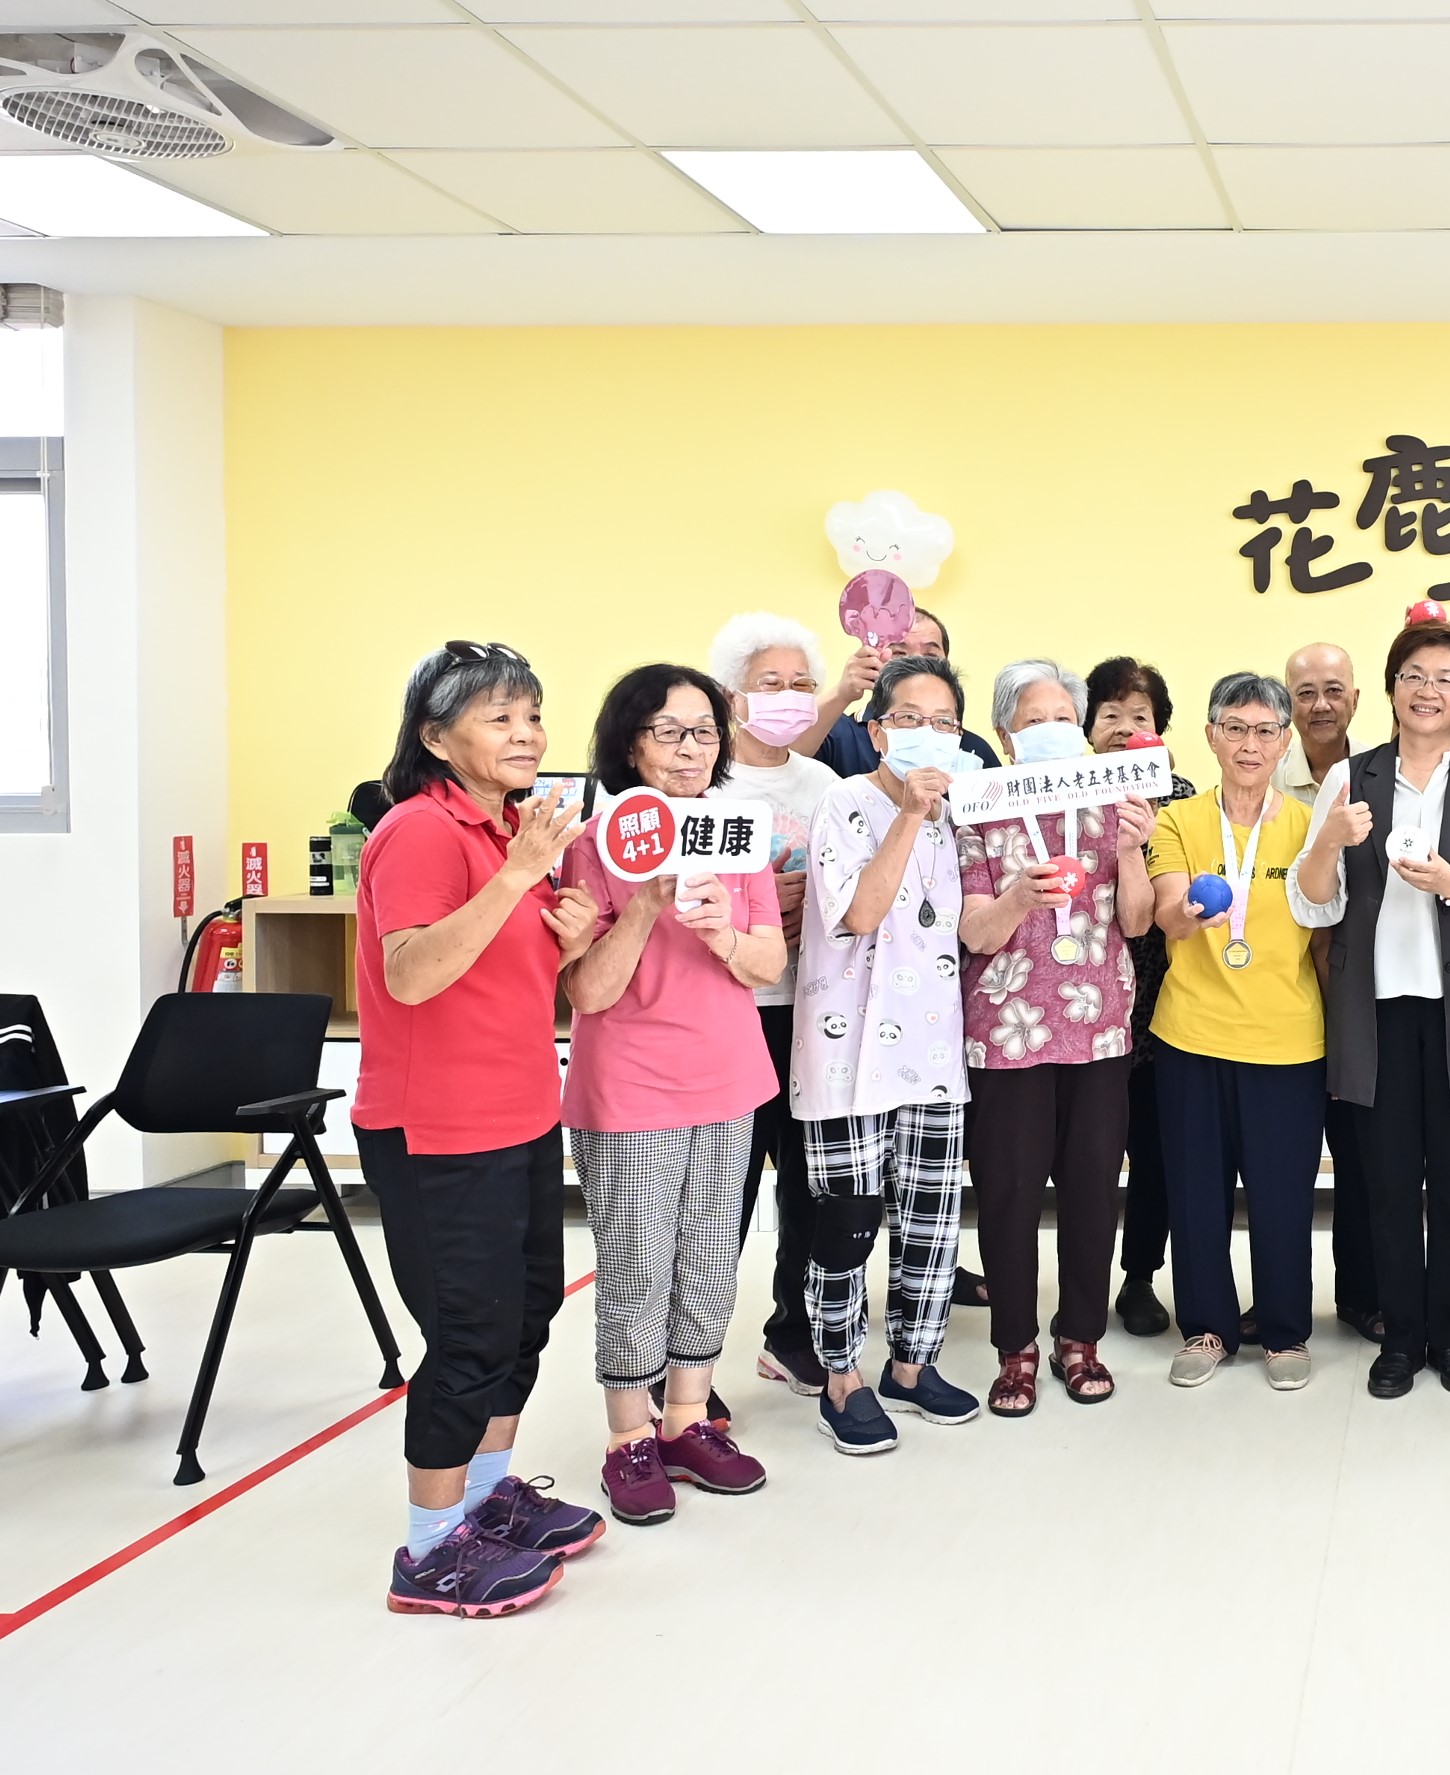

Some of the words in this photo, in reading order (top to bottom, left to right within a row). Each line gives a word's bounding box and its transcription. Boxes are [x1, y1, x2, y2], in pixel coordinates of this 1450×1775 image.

[1006, 761, 1160, 797] 財團法人老五老基金會
[1008, 799, 1030, 807] OLD
[1036, 794, 1061, 805] FIVE
[1067, 790, 1089, 800] OLD
[1095, 781, 1160, 796] FOUNDATION
[618, 807, 661, 840] 照顧
[962, 800, 990, 814] OFO
[622, 833, 665, 862] 4+1
[681, 815, 754, 856] 健康
[177, 851, 190, 892] 滅火器
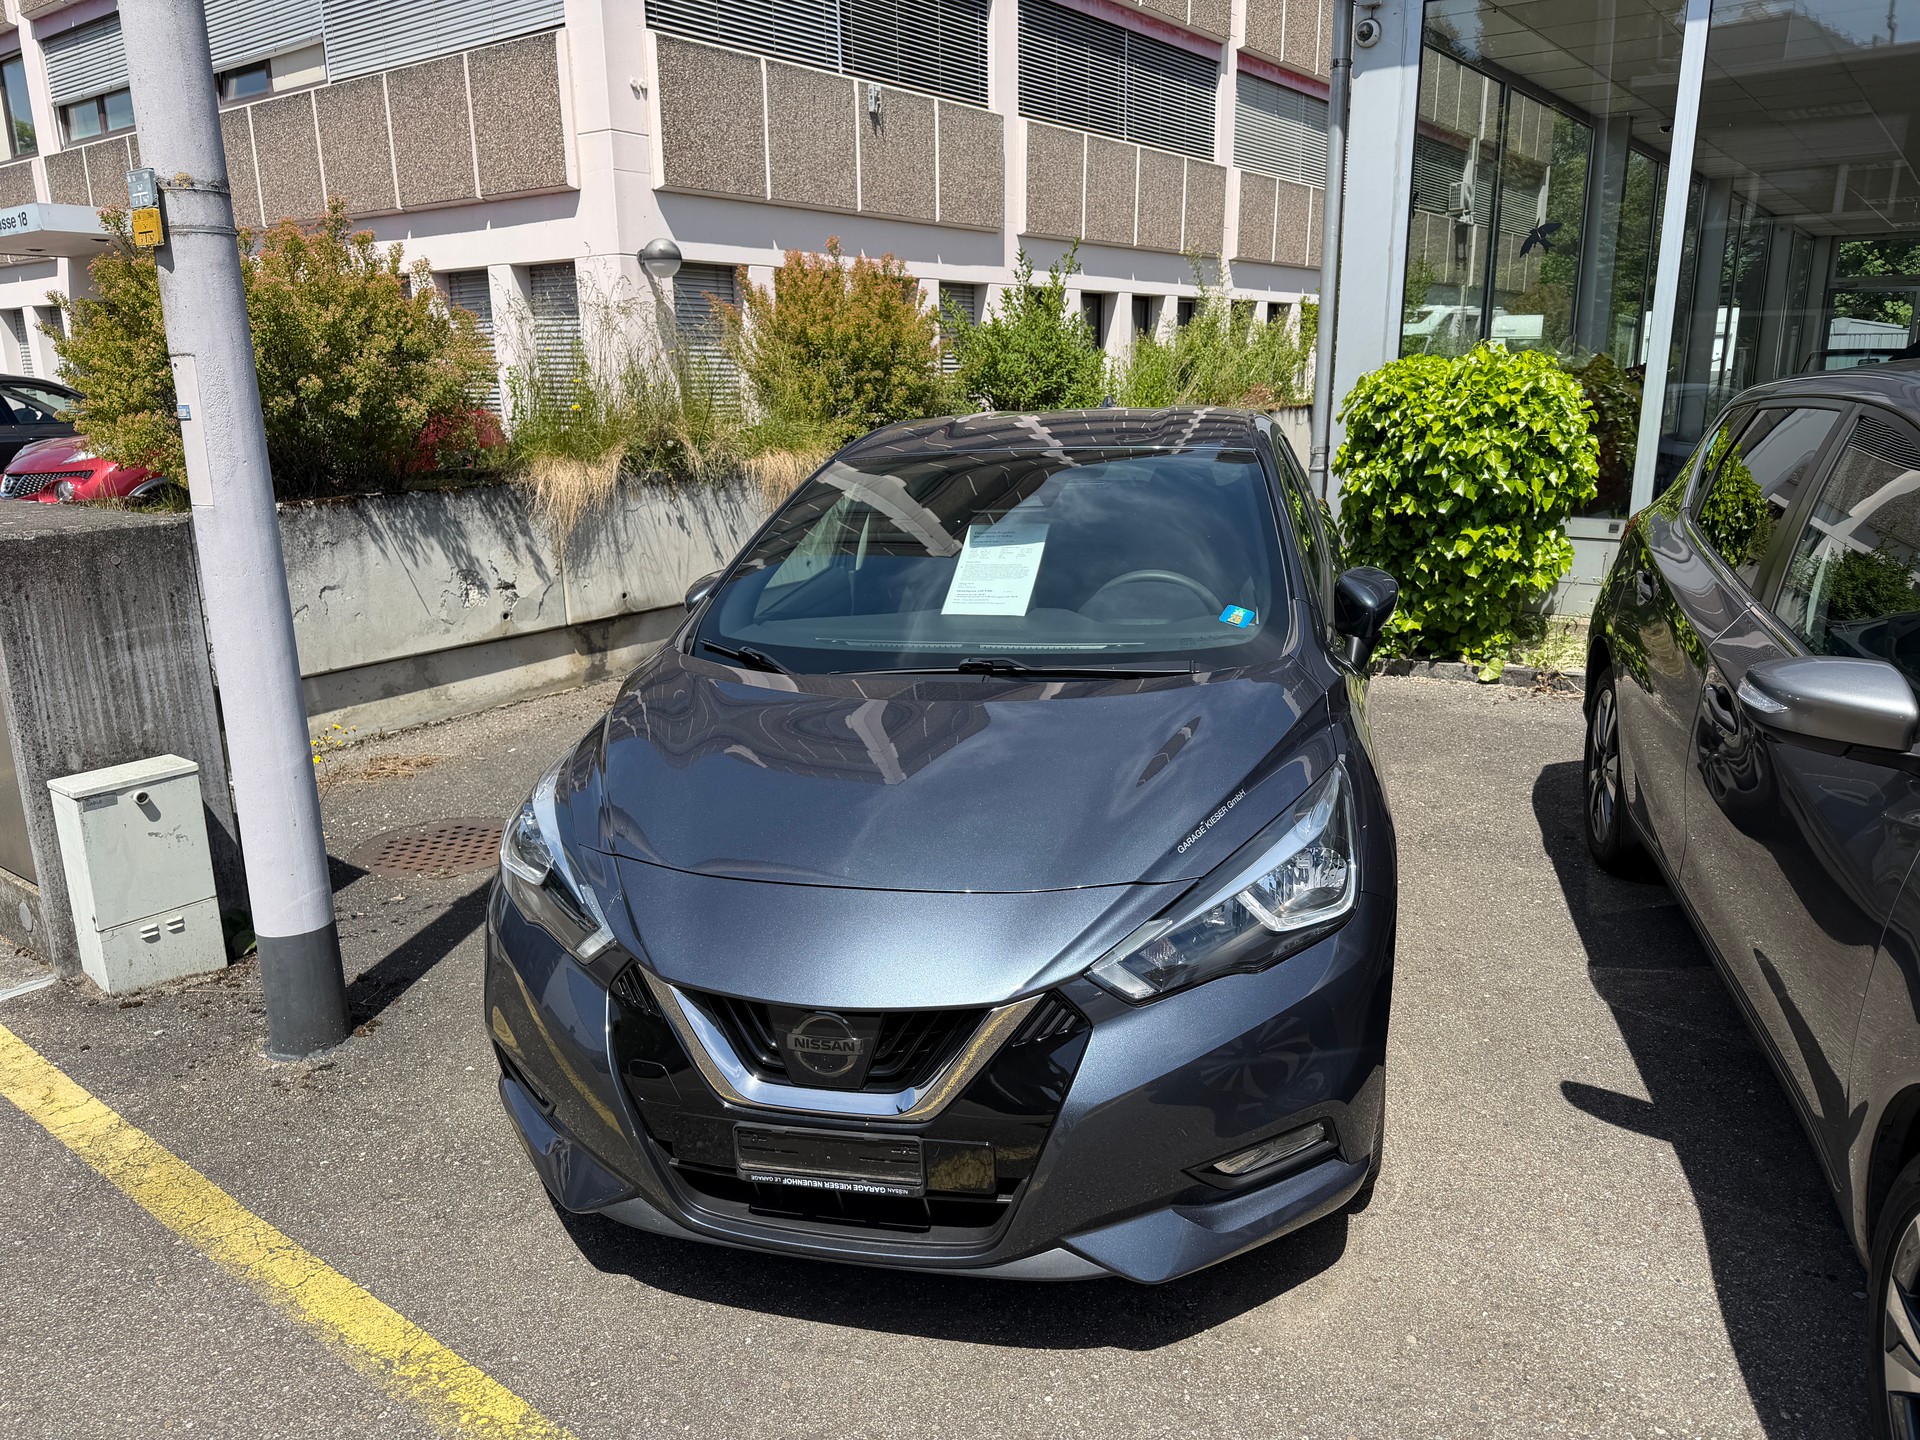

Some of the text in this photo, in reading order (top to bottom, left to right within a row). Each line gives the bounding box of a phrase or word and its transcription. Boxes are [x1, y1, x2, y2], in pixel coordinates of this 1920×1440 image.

[17, 211, 28, 227] 18
[1177, 788, 1247, 854] GARAGE KIESER GmbH
[794, 1037, 855, 1052] NISSAN
[782, 1177, 823, 1188] NEUENHOF
[824, 1181, 852, 1191] KIESER
[853, 1184, 886, 1194] GARAGE

→ **WHAT IS EXPECTED**
Each line from the one containing "Some of the text" to the end of the listing above should be copied exactly, and nothing else.

→ **EXPECTED OUTPUT**
Some of the text in this photo, in reading order (top to bottom, left to right within a row). Each line gives the bounding box of a phrase or word and its transcription. Boxes are [x1, y1, x2, y2], in pixel coordinates of this 1920×1440 image.

[17, 211, 28, 227] 18
[1177, 788, 1247, 854] GARAGE KIESER GmbH
[794, 1037, 855, 1052] NISSAN
[782, 1177, 823, 1188] NEUENHOF
[824, 1181, 852, 1191] KIESER
[853, 1184, 886, 1194] GARAGE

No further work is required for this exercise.